Required work:
With the pictures left out, restate exactly the part below that opens with the line containing "this 973×1298 image." and closes with the line containing "this 2212×1659 image.".

Provided material:
********

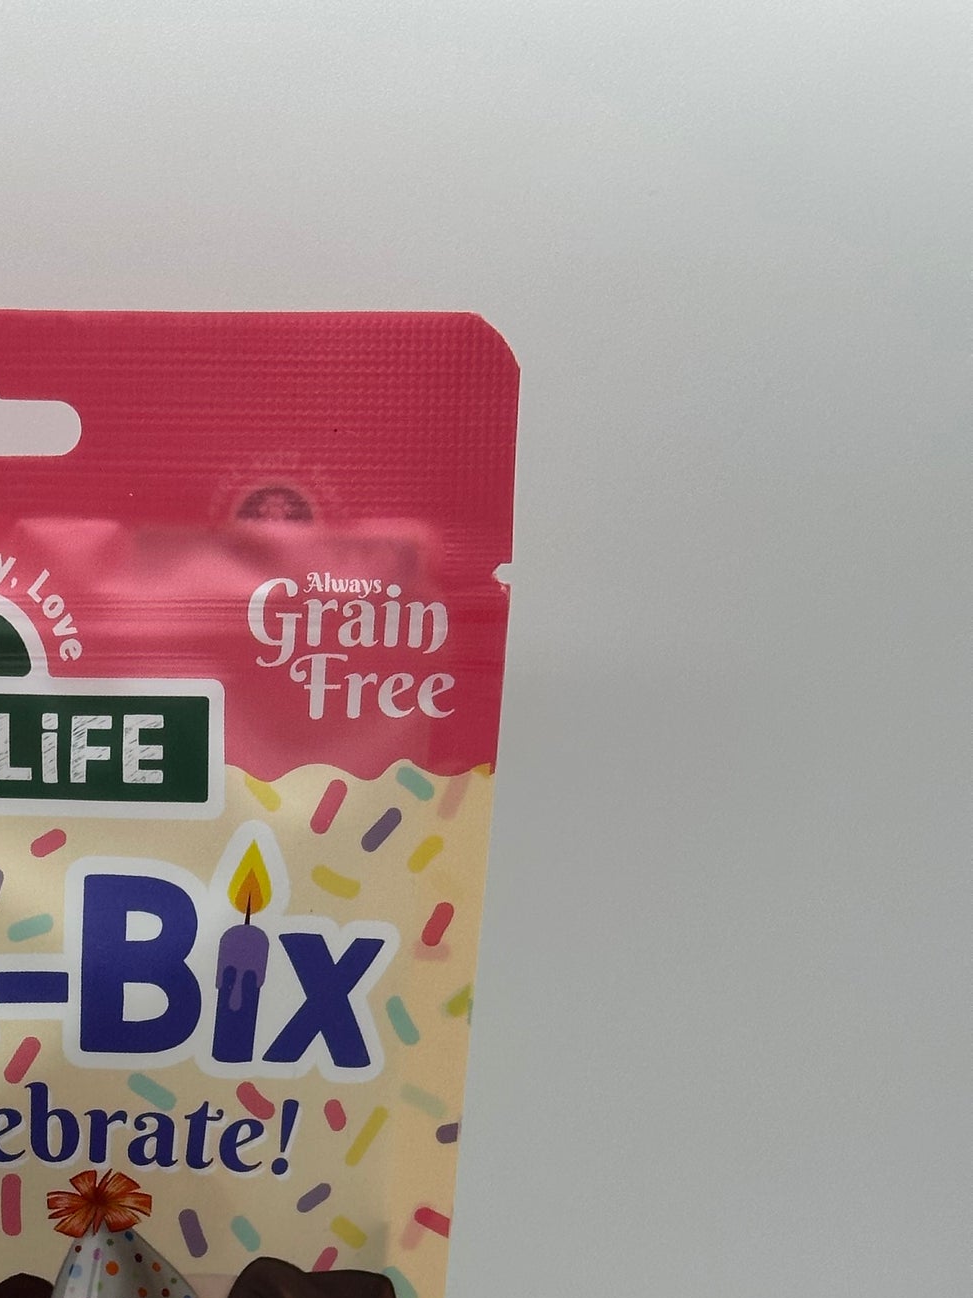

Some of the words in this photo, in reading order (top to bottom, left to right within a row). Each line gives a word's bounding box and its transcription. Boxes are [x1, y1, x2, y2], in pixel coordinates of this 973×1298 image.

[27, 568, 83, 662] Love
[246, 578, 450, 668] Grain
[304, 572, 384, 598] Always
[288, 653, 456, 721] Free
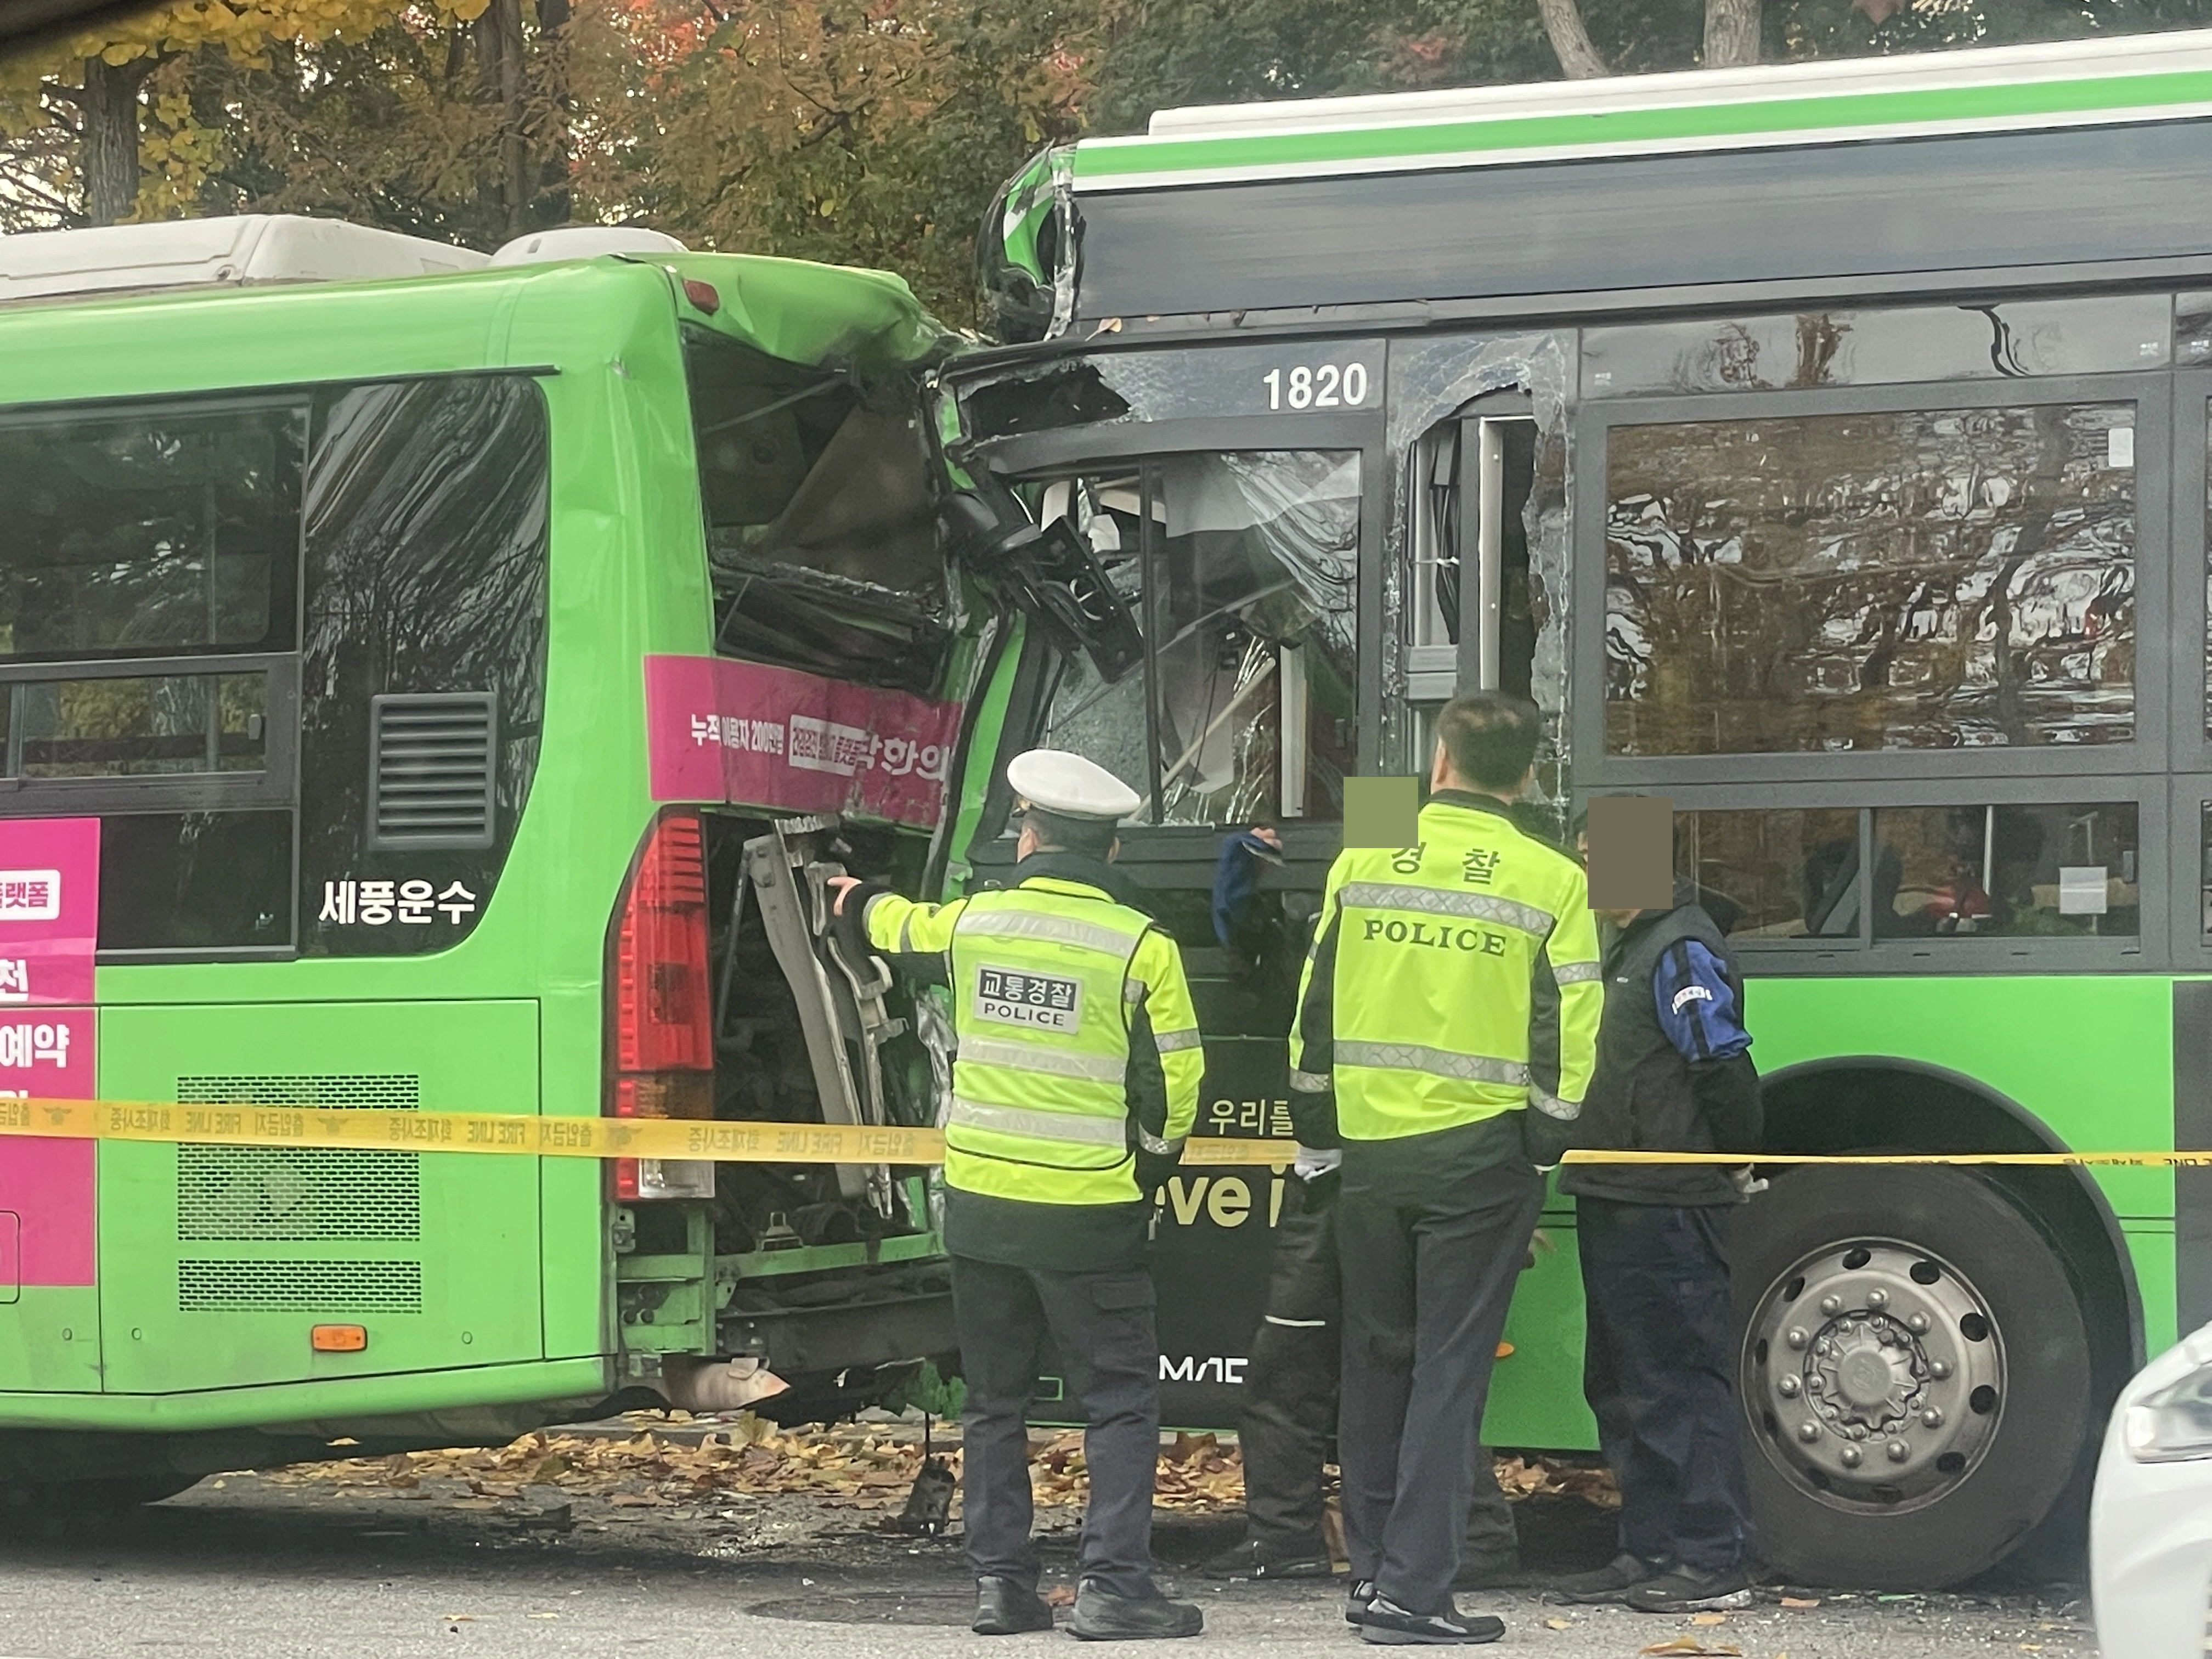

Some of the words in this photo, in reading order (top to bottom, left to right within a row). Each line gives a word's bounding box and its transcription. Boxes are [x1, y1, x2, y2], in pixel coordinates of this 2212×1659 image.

********

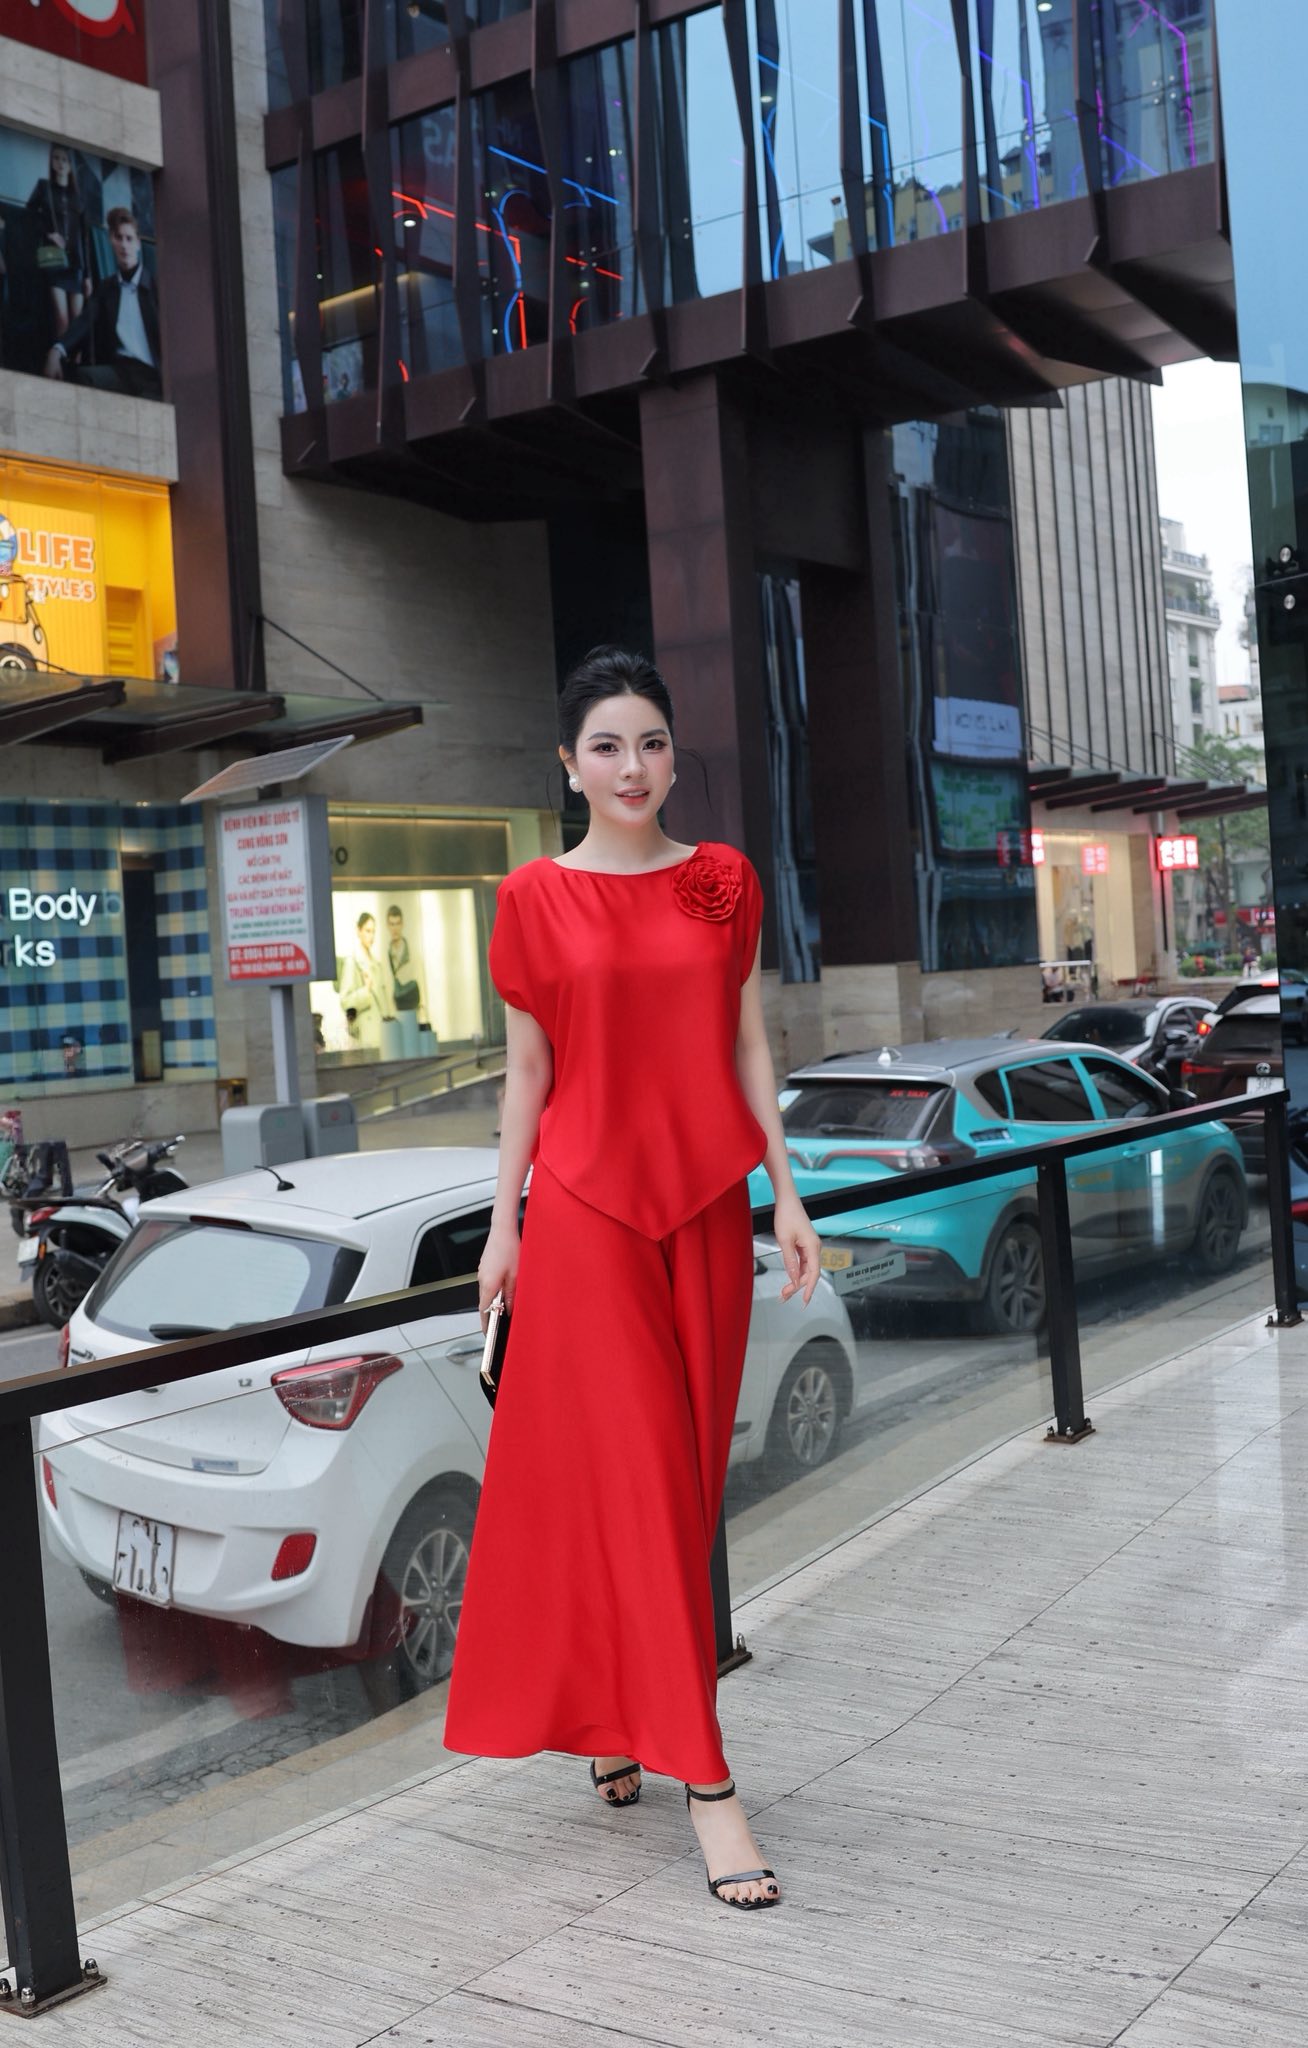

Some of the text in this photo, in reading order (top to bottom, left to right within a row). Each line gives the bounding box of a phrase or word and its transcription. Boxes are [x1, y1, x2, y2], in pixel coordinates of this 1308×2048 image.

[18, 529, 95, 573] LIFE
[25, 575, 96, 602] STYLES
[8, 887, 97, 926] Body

********

Answer below:
Some of the words in this photo, in reading order (top to bottom, left to right within a row). Each line gives a word's bounding box and its transcription. Boxes are [x1, y1, x2, y2], in pixel coordinates of this 973×1298 image.

[27, 568, 83, 662] Love
[246, 578, 450, 668] Grain
[304, 572, 384, 598] Always
[288, 653, 456, 721] Free

Some of the words in this photo, in reading order (top to bottom, left to right within a row). Each line gives a word's bounding box and its transcription. Boxes are [x1, y1, x2, y2], in pixel coordinates of this 2212×1659 image.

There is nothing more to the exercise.